DATA »
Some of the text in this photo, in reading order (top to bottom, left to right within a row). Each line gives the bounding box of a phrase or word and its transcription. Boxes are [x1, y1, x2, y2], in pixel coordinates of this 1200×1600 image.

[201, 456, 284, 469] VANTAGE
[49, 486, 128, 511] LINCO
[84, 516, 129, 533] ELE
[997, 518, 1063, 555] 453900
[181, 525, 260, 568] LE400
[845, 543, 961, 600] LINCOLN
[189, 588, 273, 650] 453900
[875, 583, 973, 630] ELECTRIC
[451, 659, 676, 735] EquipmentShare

WHAT IS NEEDED » Word for word, write out all of the entries.

SOLUTION TO THE PROBLEM »
Some of the text in this photo, in reading order (top to bottom, left to right within a row). Each line gives the bounding box of a phrase or word and its transcription. Boxes are [x1, y1, x2, y2], in pixel coordinates of this 1200×1600 image.

[201, 456, 284, 469] VANTAGE
[49, 486, 128, 511] LINCO
[84, 516, 129, 533] ELE
[997, 518, 1063, 555] 453900
[181, 525, 260, 568] LE400
[845, 543, 961, 600] LINCOLN
[189, 588, 273, 650] 453900
[875, 583, 973, 630] ELECTRIC
[451, 659, 676, 735] EquipmentShare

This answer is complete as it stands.